As DMX remains in the hospital on life support, Master P said the rapper's current condition could have been prevented if the hip-hop industry had taken active steps to support its members with their struggles.

"DMX is an icon," Master P told TMZ in an interview published Thursday. "I just hate that we have to wait till something happen to one of these guys, to one of us, before everybody really start saying how much they care and they love you."

The 50-year-old DMX, born Earl Simmons, has been in a "vegetative state" in a New York hospital after he suffered a heart attack last Friday night, according to the Los Angeles Times. DMX's manager, Steve Rifkind, told NBC News that the artist was set to undergo tests on Wednesday and that his family would determine "what's best from there."

DMX performs at the ONE Musicfest at Atlanta's Centennial Olympic Park on September 8. Prince Williams/Wireimage

Amid the uncertainty, Master P told TMZ that DMX's fight with substance abuse was preventable and is a symptom of an industry that doesn't provide the necessary support for its talent.

"I mean, we gotta figure out how to prevent that.... Drugs done killed a lot of our great ones, and sent a lot of 'em to prison, and I'm praying for DMX and his family. And I hope that people start celebrating these icons while they're alive. Imagine all the stuff we could've prevented for DMX, to help him."

He noted that rappers lack a union like the National Basketball Players Association, which would be key to educating the next generation and preventing the "next tragedy."

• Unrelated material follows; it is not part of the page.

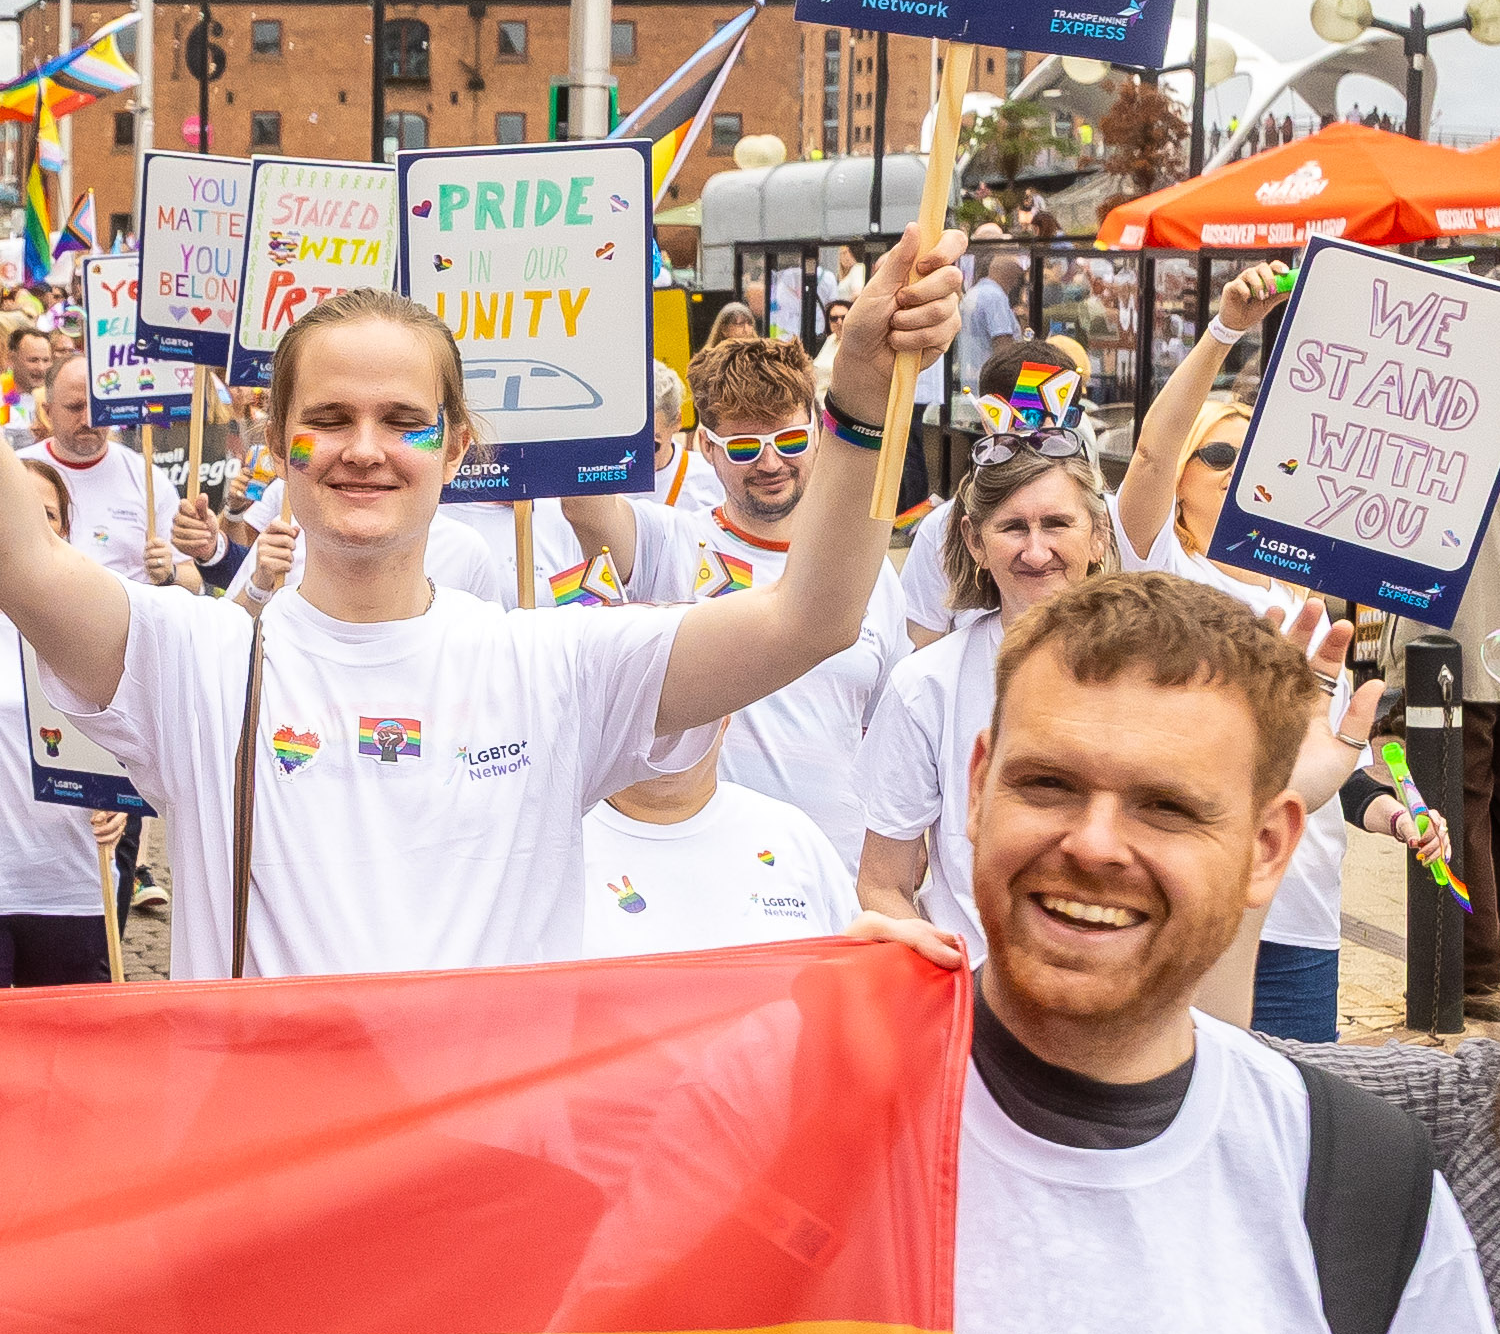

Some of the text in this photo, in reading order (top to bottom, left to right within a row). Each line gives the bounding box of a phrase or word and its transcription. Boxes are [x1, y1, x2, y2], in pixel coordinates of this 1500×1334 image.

"I feel like hip-hop need some type of union. The NBA have it. What happens when a guy fall off? After he done sold millions of millions of records—even a female—what happens?... Think about it, the NBA, when they done, they go to SportsCenter, they can sit around. Where do hip-hop go? Go back to the hood."

Accountability is also a reason to unionize, Master P told TMZ. He added that a union would allow rappers to see "where the money goes" from their success and ensure resources are channeled back to its members. He noted how the NBA recently donated millions of dollars to historically Black colleges and communities.

Master P's comments follow remarks from DJ Funkmaster Flex, who said in an interview with the New York Post's Page Six that supportive posts from other artists this week came too late and were "self-serving," considering that the industry failed to support DMX over the past few years.

The rapper was open about his battle with addiction and checked into a rehabilitation facility most recently in October 2019, Yahoo Entertainment reported. Flex compared reactions to DMX's condition to responses to rapper Nipsey Hussle's death, when "every washed up rapper made a pilgrimage to LA to go to the Marathon store to take a picture or to get their cards swiped. Bro Nipsey needed that support when he was alive."

He added that even through DMX has had a highly successful career, no amount of money or fame could give him the kind of help the rapper needed.

"You don't always get the best help when money is being made," Flex told Page Six. "It's rough for someone like a DMX who may be in a mental and emotional state of childhood trauma that has happened to him and then being thrown into the money and fame.... I know he shares his demons, and we may have to amplify that demon and amplify his story and his feelings so that the next generation can kind of see a little better, a little clearer."

Master P told TMZ the tragedy is a signal for an industry that's long treated its members as disposable: "There will never be another DMX, he's one of a kind."